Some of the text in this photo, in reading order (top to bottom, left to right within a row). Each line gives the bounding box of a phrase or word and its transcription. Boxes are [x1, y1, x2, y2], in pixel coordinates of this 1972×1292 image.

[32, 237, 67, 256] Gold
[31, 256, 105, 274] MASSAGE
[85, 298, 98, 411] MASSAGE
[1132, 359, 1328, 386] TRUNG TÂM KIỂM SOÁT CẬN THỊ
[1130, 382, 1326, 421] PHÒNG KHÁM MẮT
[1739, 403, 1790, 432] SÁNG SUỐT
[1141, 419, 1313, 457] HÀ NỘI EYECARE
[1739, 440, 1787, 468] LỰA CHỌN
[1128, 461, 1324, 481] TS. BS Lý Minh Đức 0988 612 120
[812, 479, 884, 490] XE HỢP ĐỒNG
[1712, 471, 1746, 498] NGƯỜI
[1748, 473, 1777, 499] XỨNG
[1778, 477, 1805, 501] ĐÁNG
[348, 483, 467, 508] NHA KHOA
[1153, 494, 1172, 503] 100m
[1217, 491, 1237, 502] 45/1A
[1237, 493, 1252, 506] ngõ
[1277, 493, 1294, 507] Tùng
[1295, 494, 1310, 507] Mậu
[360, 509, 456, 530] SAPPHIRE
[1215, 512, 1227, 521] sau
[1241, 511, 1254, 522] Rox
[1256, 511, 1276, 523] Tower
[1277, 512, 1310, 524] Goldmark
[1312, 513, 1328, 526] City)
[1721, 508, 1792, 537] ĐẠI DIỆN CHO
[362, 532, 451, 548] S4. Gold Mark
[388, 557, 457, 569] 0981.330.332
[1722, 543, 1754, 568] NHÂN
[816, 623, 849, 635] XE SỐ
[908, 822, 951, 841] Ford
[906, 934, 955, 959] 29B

━━━━

▶ _WHAT THE EXERCISE ASKS_: In full and without deviation, reproduce the entries above.

▶ _EXERCISE ANSWER_:
Some of the text in this photo, in reading order (top to bottom, left to right within a row). Each line gives the bounding box of a phrase or word and its transcription. Boxes are [x1, y1, x2, y2], in pixel coordinates of this 1972×1292 image.

[32, 237, 67, 256] Gold
[31, 256, 105, 274] MASSAGE
[85, 298, 98, 411] MASSAGE
[1132, 359, 1328, 386] TRUNG TÂM KIỂM SOÁT CẬN THỊ
[1130, 382, 1326, 421] PHÒNG KHÁM MẮT
[1739, 403, 1790, 432] SÁNG SUỐT
[1141, 419, 1313, 457] HÀ NỘI EYECARE
[1739, 440, 1787, 468] LỰA CHỌN
[1128, 461, 1324, 481] TS. BS Lý Minh Đức 0988 612 120
[812, 479, 884, 490] XE HỢP ĐỒNG
[1712, 471, 1746, 498] NGƯỜI
[1748, 473, 1777, 499] XỨNG
[1778, 477, 1805, 501] ĐÁNG
[348, 483, 467, 508] NHA KHOA
[1153, 494, 1172, 503] 100m
[1217, 491, 1237, 502] 45/1A
[1237, 493, 1252, 506] ngõ
[1277, 493, 1294, 507] Tùng
[1295, 494, 1310, 507] Mậu
[360, 509, 456, 530] SAPPHIRE
[1215, 512, 1227, 521] sau
[1241, 511, 1254, 522] Rox
[1256, 511, 1276, 523] Tower
[1277, 512, 1310, 524] Goldmark
[1312, 513, 1328, 526] City)
[1721, 508, 1792, 537] ĐẠI DIỆN CHO
[362, 532, 451, 548] S4. Gold Mark
[388, 557, 457, 569] 0981.330.332
[1722, 543, 1754, 568] NHÂN
[816, 623, 849, 635] XE SỐ
[908, 822, 951, 841] Ford
[906, 934, 955, 959] 29B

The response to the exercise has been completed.